一方で、IP放送の現状の問題点を指摘したのは、NTTスマートコネクトの沖本忠久氏、スカイパーフェクト・コミュニケーションズの河崎憲一郎氏の2人。沖本氏は「IPベースのブロードバンドのライブ配信はトラフィックパターンが読めない」「全国民が見るようなシステムなんてコストが馬鹿にならない」と語った上で、「今は無理にIPを使わなくても、WDMを使えば何でも流せる時代になってきている」「少なくとも放送屋(と呼ばれる人々)はIP放送に対して懐疑的なイメージをもたれている部分もある」と述べ、IP配信以外の放送方法もありうることを指摘した。

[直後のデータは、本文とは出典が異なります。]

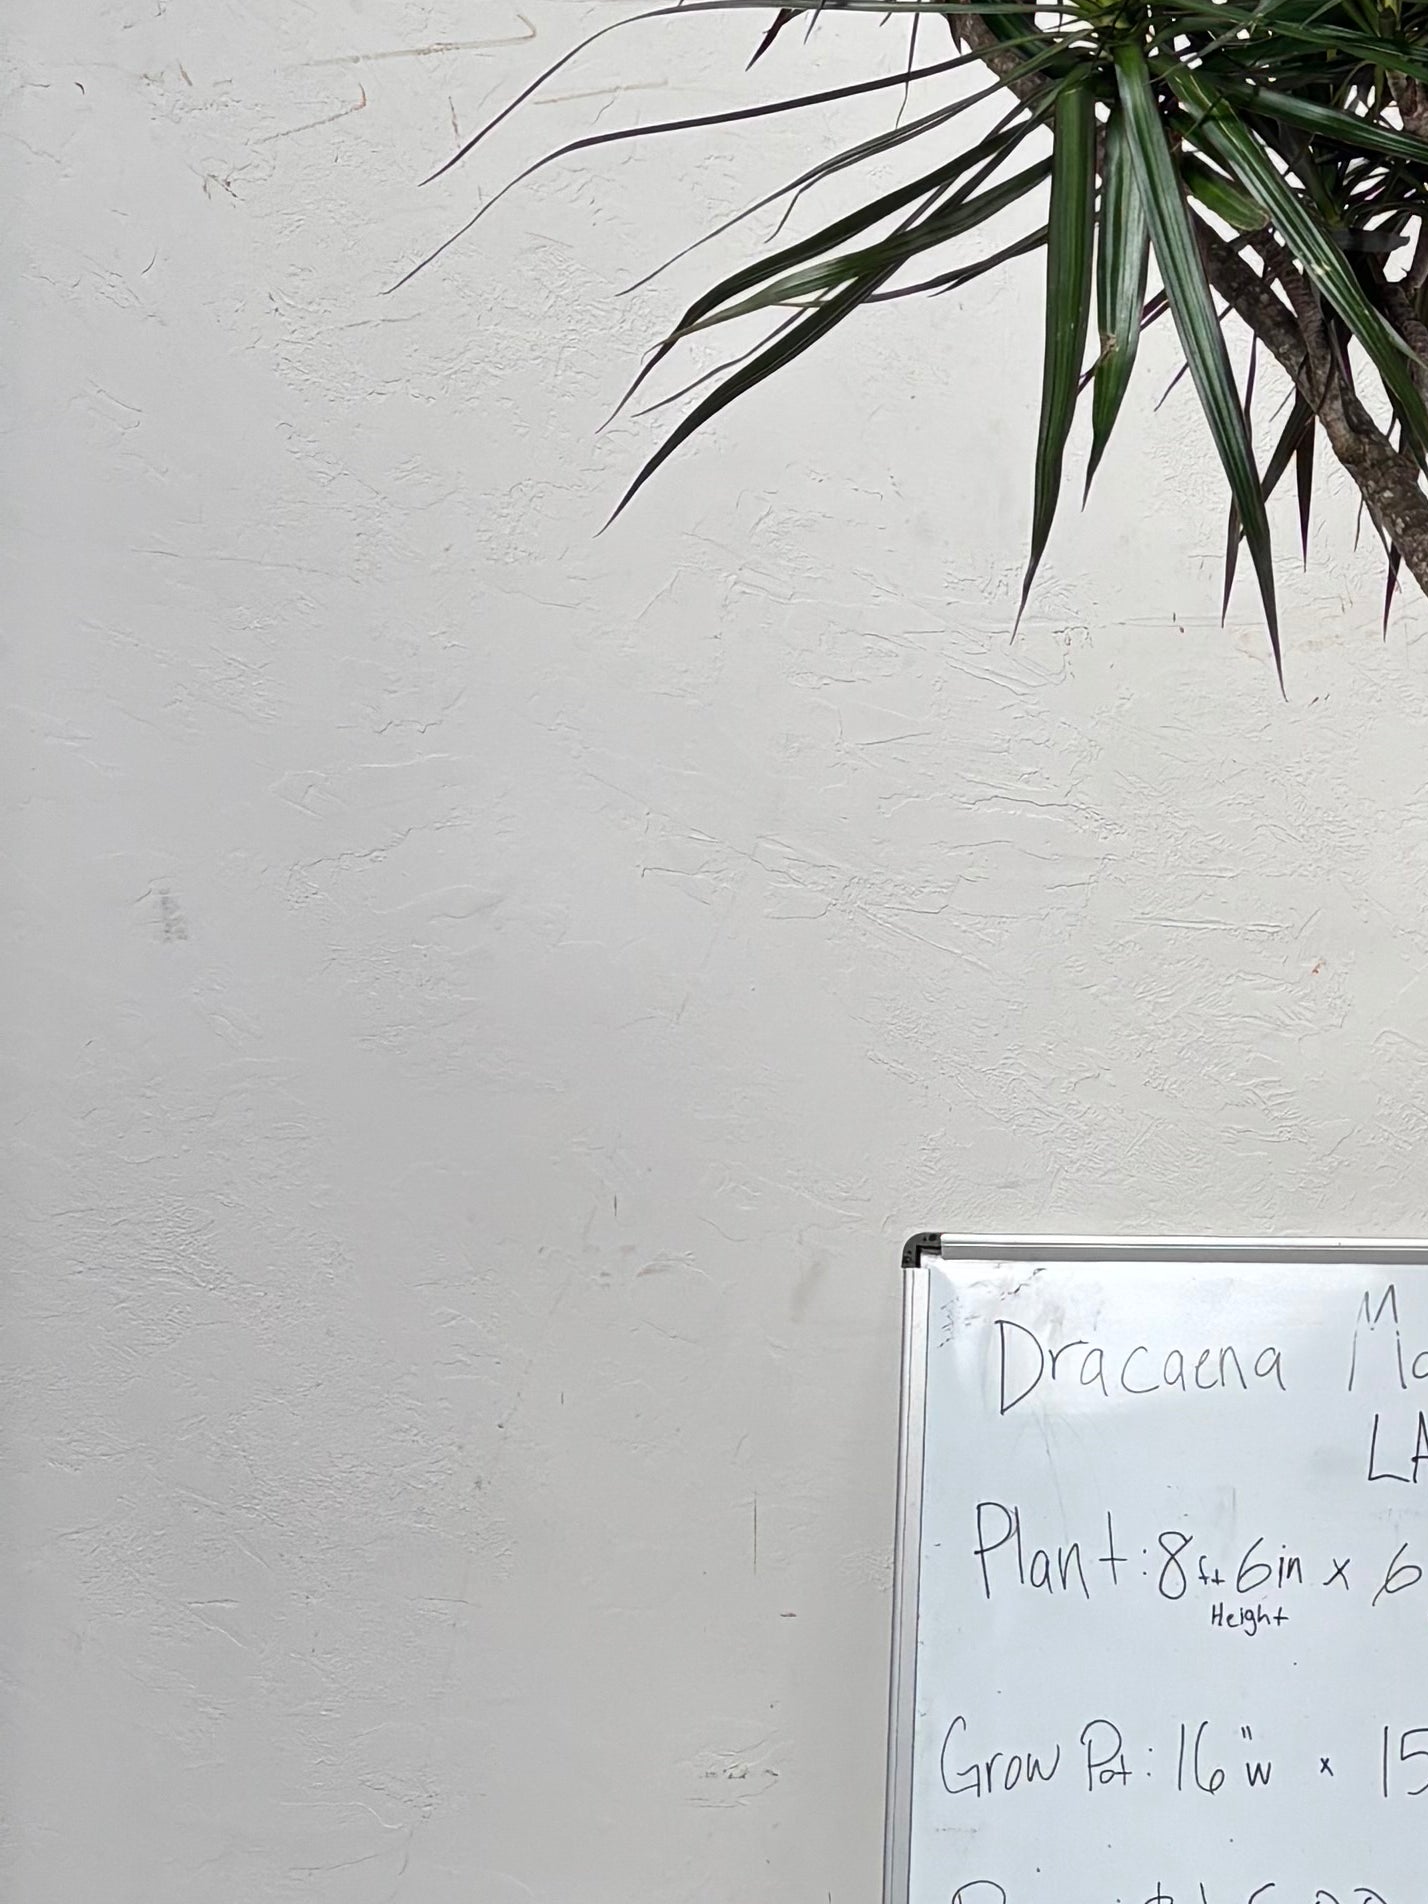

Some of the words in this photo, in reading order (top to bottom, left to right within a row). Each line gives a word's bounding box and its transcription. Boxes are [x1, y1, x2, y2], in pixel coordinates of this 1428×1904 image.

また、河崎氏は「放送屋にとっては"Internet=不正コピー"とのイメージが強いために、IPベースの伝送だと放送開始に必要な再送信同意がとれない」と、実務的な理由から当面IP放送の本格導入は難しいとの認識を示した。とはいえ同社がIP放送を一切否定しているわけではなく、後の質疑応答において河崎氏は同社とNTT西日本・伊藤忠商事が共同で行うIPv6による映像配信実験について触れ「スカパーはプラットフォーム会社であり放送局そのものではないので、品質、権利保護、コストなどの点で使えるメディアがあれば何でも使う方針」と、将来的に同社としてIP放送を導入する可能性を否定しなかった。
結論としていずれのパネリストも、少なくともIP放送が今後普及するためには「放送屋と通信屋の相互理解」が不可欠であるという点では一致。沖本氏は「放送と通信ではビジネスモデルの成り立ちや技術者のスキルといったものが大きく異なるため、それらを通信サイドがきちんと理解することが必要」と述べたほか、雨宮氏は「(放送屋を納得させるために)今後放送のQualityを上回る技術開発を行って欲しい」と、会場にいる開発関係者に訴えた。
大出氏は「これまでダウンロード型放送は(不正コピーなどの問題があり)タブーとされてきたが、著作権保護などの技術開発が進んできたことで、少なくともハリウッドは(ダウンロード型に)理解を示し始めている」と述べ、これまでに比べ放送サイドも通信側の事情を理解した上で現実解を探り始めている様子が伺えた。